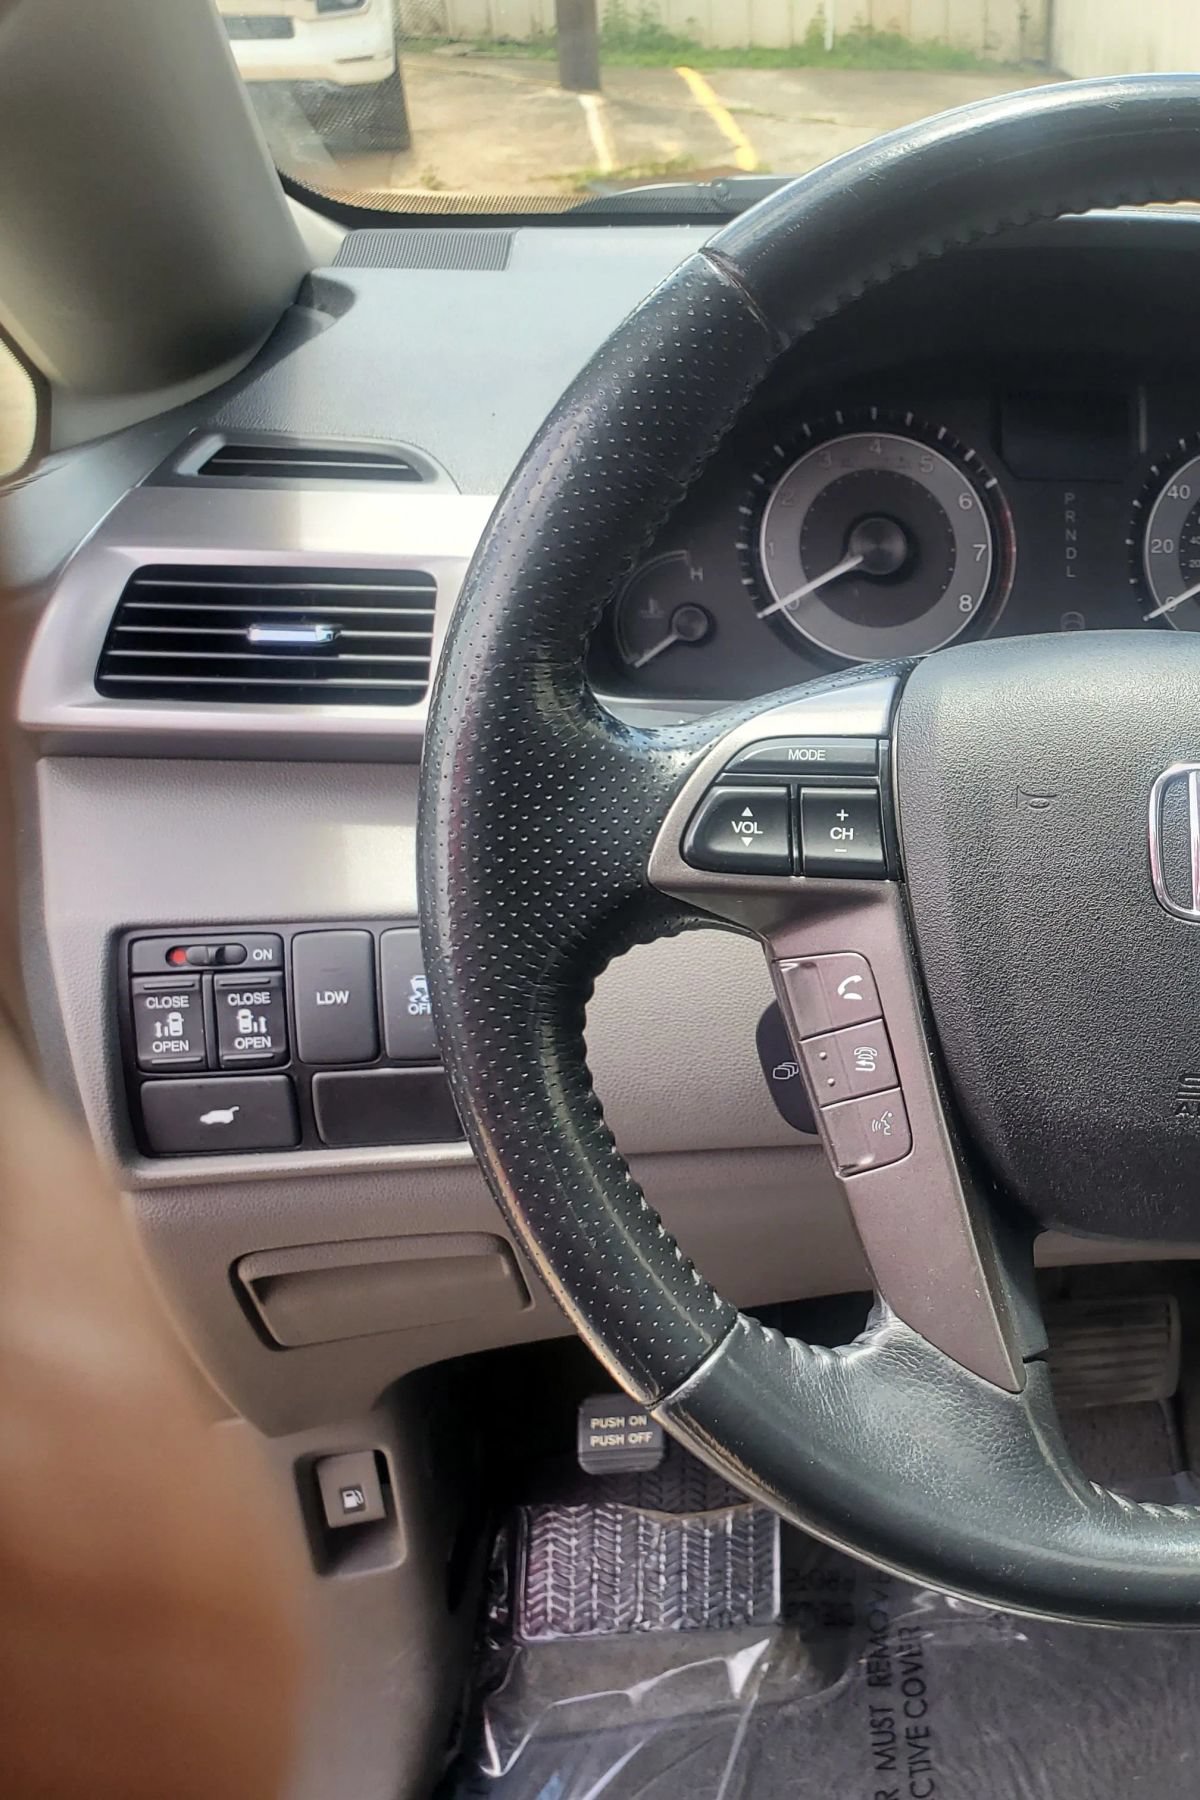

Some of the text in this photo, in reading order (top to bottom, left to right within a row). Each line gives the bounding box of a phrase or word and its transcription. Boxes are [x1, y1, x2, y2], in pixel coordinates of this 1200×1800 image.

[920, 457, 933, 473] 5
[1166, 485, 1191, 499] 40
[959, 493, 973, 510] 6
[1064, 492, 1077, 577] P R N D L
[973, 544, 987, 561] 7
[1151, 539, 1174, 554] 20
[959, 595, 972, 612] 8
[788, 749, 825, 761] MODE
[732, 821, 763, 834] VOL
[830, 827, 854, 840] CH
[253, 949, 272, 961] ON
[146, 996, 189, 1009] CLOSE
[228, 992, 271, 1005] CLOSE
[316, 991, 349, 1005] LDW
[152, 1040, 189, 1053] OPEN
[234, 1036, 271, 1050] OPEN
[590, 1415, 647, 1429] PUSH ON
[590, 1432, 653, 1447] PUSH OFF
[898, 1625, 935, 1800] CTIVE COVER
[869, 1705, 897, 1770] MUST
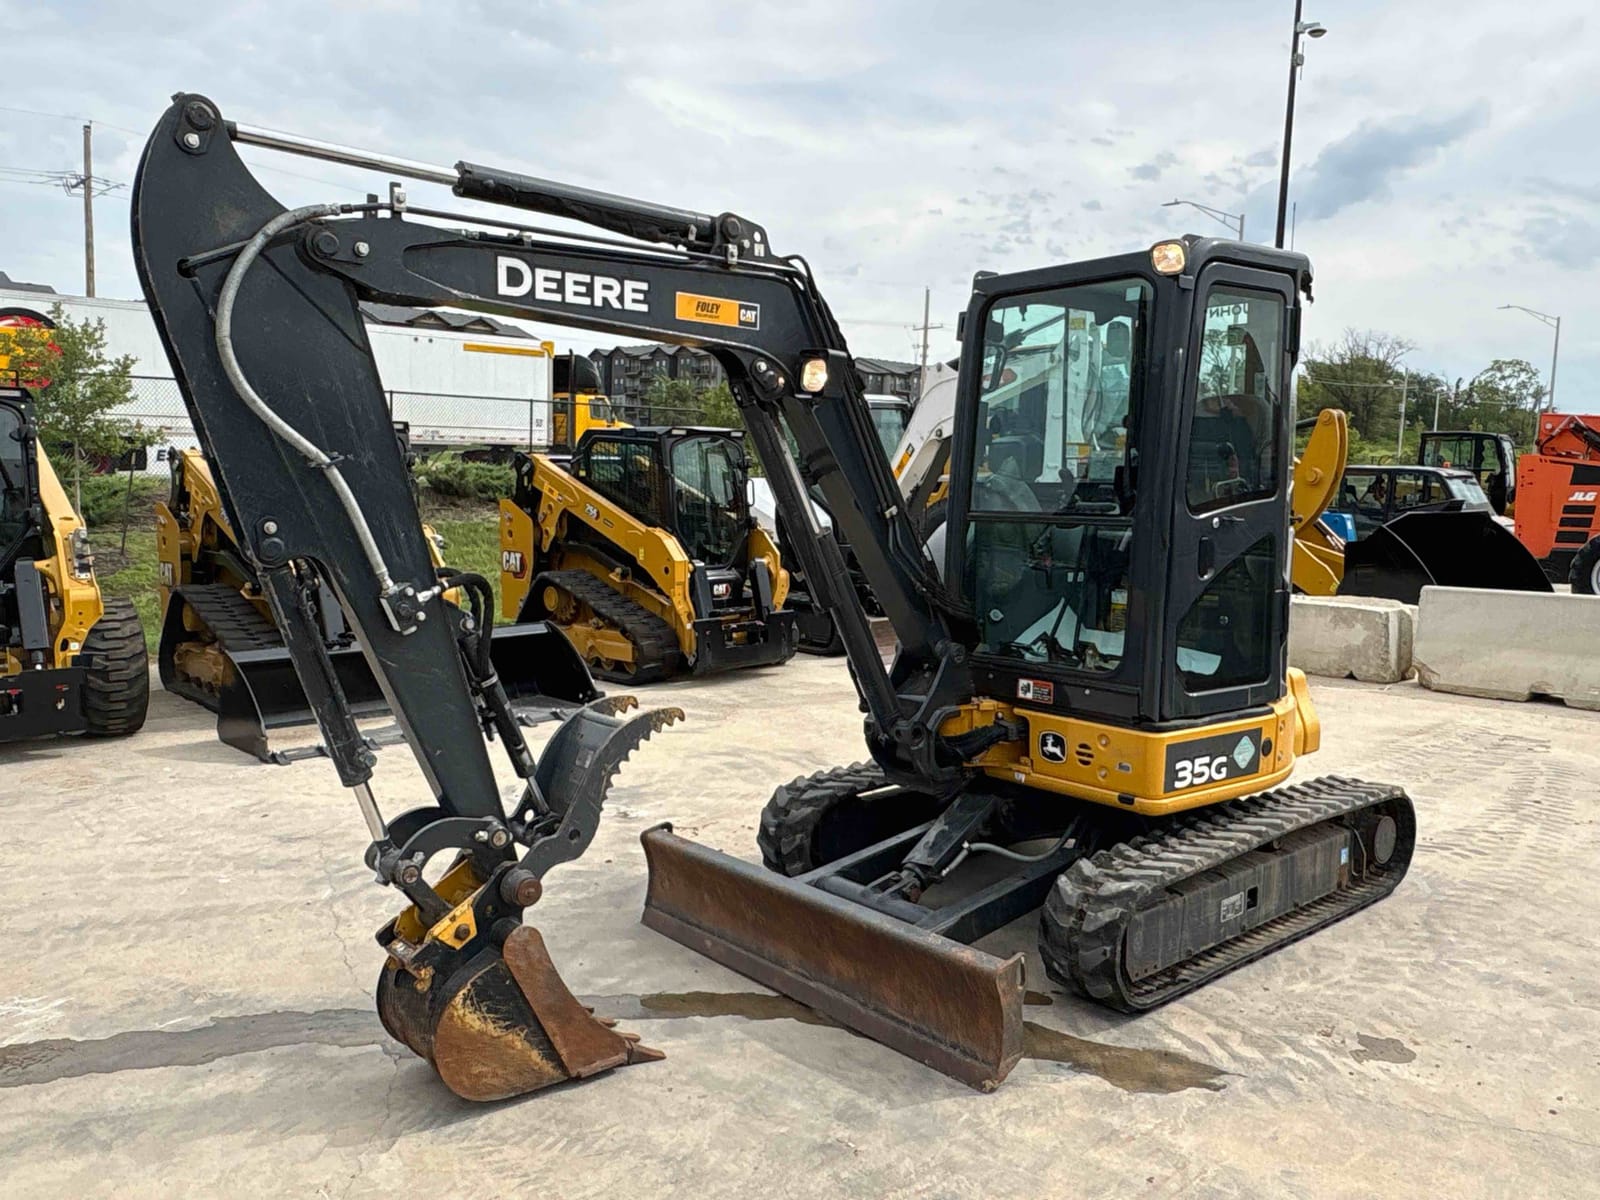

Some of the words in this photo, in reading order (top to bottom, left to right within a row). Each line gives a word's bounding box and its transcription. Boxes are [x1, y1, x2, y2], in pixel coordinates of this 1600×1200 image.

[497, 256, 649, 312] DEERE
[696, 301, 721, 314] FOLEY
[740, 309, 757, 323] CAT
[1568, 491, 1598, 502] JLG
[502, 550, 522, 573] CAT
[1174, 756, 1228, 788] 35G
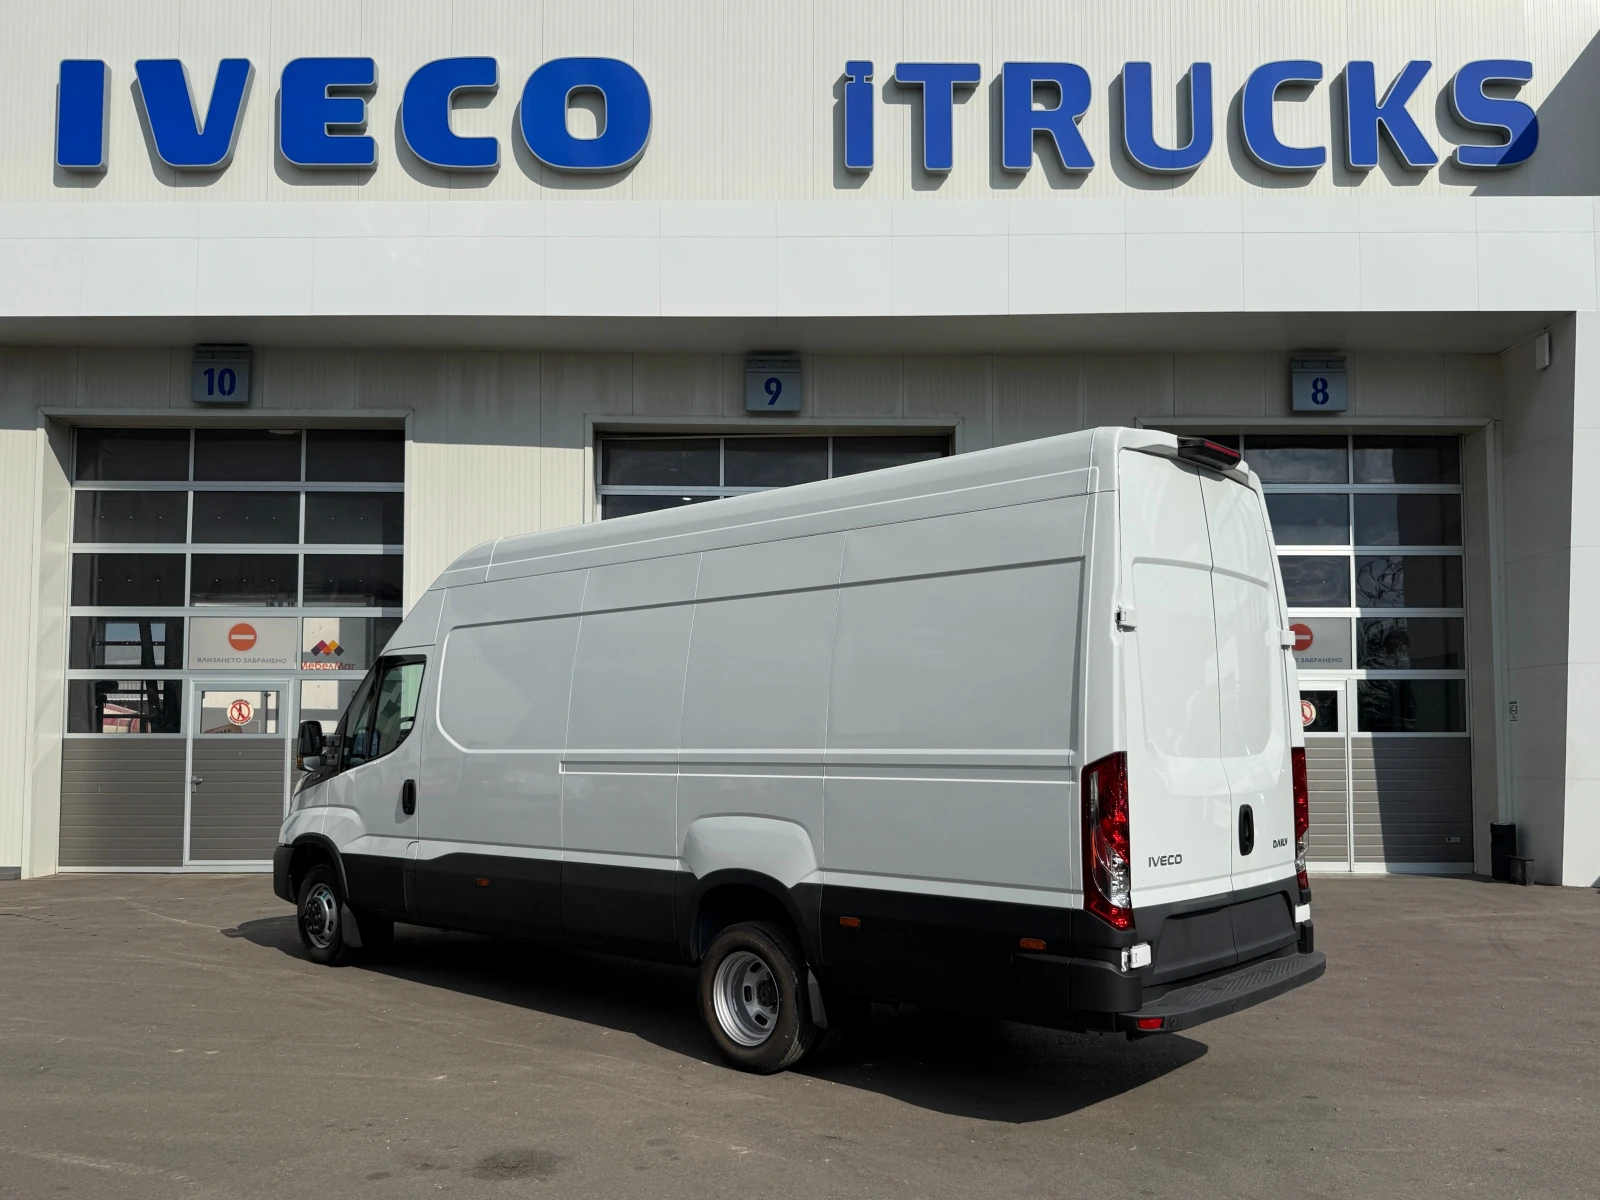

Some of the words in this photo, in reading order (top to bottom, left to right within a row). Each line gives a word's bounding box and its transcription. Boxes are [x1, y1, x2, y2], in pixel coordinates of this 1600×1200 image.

[56, 56, 653, 170] IVECO
[843, 59, 1539, 172] iTRUCKS
[203, 367, 236, 397] 10
[764, 377, 783, 406] 9
[1311, 377, 1329, 405] 8
[1272, 837, 1288, 848] DAILY
[1148, 853, 1183, 868] IVECO

Problem details
Each entry above is to be given again exactly, and any image in it is to be dropped.

Exercise answer
Some of the text in this photo, in reading order (top to bottom, left to right within a row). Each line gives the bounding box of a phrase or word and its transcription. Boxes are [x1, y1, x2, y2], in pixel coordinates of this 1200×1800 image.

[920, 457, 933, 473] 5
[1166, 485, 1191, 499] 40
[959, 493, 973, 510] 6
[1064, 492, 1077, 577] P R N D L
[973, 544, 987, 561] 7
[1151, 539, 1174, 554] 20
[959, 595, 972, 612] 8
[788, 749, 825, 761] MODE
[732, 821, 763, 834] VOL
[830, 827, 854, 840] CH
[253, 949, 272, 961] ON
[146, 996, 189, 1009] CLOSE
[228, 992, 271, 1005] CLOSE
[316, 991, 349, 1005] LDW
[152, 1040, 189, 1053] OPEN
[234, 1036, 271, 1050] OPEN
[590, 1415, 647, 1429] PUSH ON
[590, 1432, 653, 1447] PUSH OFF
[898, 1625, 935, 1800] CTIVE COVER
[869, 1705, 897, 1770] MUST

Some of the words in this photo, in reading order (top to bottom, left to right within a row). Each line gives a word's bounding box and its transcription. Boxes are [x1, y1, x2, y2], in pixel coordinates of this 1600×1200 image.

[497, 256, 649, 312] DEERE
[696, 301, 721, 314] FOLEY
[740, 309, 757, 323] CAT
[1568, 491, 1598, 502] JLG
[502, 550, 522, 573] CAT
[1174, 756, 1228, 788] 35G

Some of the words in this photo, in reading order (top to bottom, left to right within a row). Each line gives a word's bounding box and its transcription. Boxes are [x1, y1, x2, y2], in pixel coordinates of this 1600×1200 image.

[56, 56, 653, 170] IVECO
[843, 59, 1539, 172] iTRUCKS
[203, 367, 236, 397] 10
[764, 377, 783, 406] 9
[1311, 377, 1329, 405] 8
[1272, 837, 1288, 848] DAILY
[1148, 853, 1183, 868] IVECO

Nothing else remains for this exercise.